The second death of socialism

Socialism was born in the nineteenth century as an ethical ideal.  It was given a “scientific” veneer by Karl Marx and a totalitarian structure by Lenin around the turn of the century.  It died some time between 1989 and 1991:  that is, after the liberation of East Europe and the collapse of the Soviet Union.

Yet the socialist impulse has lived on, zombie-like, in West Europe, assuming names like the “social market economy” or the “social model,” and developing a sort of benign Leninism whose “vanguard” is the hyper-bureaucracy of the European Union.  That zombie socialism, being democratically demanded, was a symptom of political infantilism rather than tyranny, but it was an abdication of freedom nonetheless.

Large populations in Europe don’t wish to be citizens:  they wish, in de Tocqueville’s words, to be children under wise schoolmasters.  They wish to be taken care of.  They wish to avoid marriage, children, family, work, and religion.  This is the constituency for zombie socialism.  In one of those bizarre but satisfying twists of history, this constituency was largely responsible for voting No on the EU Constitution in France and the Netherlands, driving a stake through the heart of whatever remains of socialism, zombie or otherwise.

The second death of socialism is an opportunity for the populations of Europe.  As was the first:  but it was thrown away in a generation-long binge of self-indulgence.  Europeans now understand the consequences.  They will grow increasingly poorer relative to the rest of the world.  They will lose the very instrument of self-indulgence:  the wealth of the schoolmaster state.  They will increasingly be shouldered aside by immigrants with very different ideas about the good life.

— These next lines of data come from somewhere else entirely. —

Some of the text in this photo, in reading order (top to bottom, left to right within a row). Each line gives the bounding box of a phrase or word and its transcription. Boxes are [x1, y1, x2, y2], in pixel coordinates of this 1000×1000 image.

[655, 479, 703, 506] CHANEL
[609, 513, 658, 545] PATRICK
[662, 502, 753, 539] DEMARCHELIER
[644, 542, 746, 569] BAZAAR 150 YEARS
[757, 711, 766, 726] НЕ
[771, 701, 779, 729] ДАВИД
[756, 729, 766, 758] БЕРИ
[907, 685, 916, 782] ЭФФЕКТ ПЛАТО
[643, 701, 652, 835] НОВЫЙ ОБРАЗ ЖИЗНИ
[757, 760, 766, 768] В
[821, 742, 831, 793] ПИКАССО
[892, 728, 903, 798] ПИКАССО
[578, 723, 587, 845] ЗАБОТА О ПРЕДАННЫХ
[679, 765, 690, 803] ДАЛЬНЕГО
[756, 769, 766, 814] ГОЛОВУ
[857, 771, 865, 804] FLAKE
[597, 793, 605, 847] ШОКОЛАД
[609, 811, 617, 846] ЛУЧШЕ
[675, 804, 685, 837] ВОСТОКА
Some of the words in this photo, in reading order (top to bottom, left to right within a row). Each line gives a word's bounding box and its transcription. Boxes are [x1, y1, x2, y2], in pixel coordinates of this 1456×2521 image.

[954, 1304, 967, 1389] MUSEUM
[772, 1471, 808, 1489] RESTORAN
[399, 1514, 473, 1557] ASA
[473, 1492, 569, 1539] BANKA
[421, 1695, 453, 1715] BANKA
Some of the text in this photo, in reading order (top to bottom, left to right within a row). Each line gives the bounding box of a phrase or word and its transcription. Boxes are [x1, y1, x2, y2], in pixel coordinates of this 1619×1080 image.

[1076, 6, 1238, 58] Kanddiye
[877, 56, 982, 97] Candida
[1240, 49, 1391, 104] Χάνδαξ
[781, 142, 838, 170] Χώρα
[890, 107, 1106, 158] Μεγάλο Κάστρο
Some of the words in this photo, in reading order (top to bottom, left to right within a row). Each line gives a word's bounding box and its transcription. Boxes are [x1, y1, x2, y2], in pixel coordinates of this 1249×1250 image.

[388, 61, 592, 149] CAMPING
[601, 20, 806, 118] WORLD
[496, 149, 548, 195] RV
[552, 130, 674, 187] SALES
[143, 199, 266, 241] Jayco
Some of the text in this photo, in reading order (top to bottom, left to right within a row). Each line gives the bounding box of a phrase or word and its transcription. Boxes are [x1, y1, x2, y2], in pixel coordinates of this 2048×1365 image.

The No votes were a sign of awareness, however dim, of all these things:  of the failure of the schoolmasters and of the social model.  The question now is whether the people of Europe will attempt to regain control over their own lives, and achieve the dignity and purposefulness implied by the word “sovereignty,” or whether, instead, they will whine and pout at their elites, demanding the restoration of an illusory existence.

What the elites will do if this second possibility bears out is already clear.  They will find enemies, foreign devils, “Anglo-Saxons,” who are to blame for the mess that Europe has become.  They will temporize, and leave the problems to the next generation.  By then, the situation in Europe may be beyond resolution.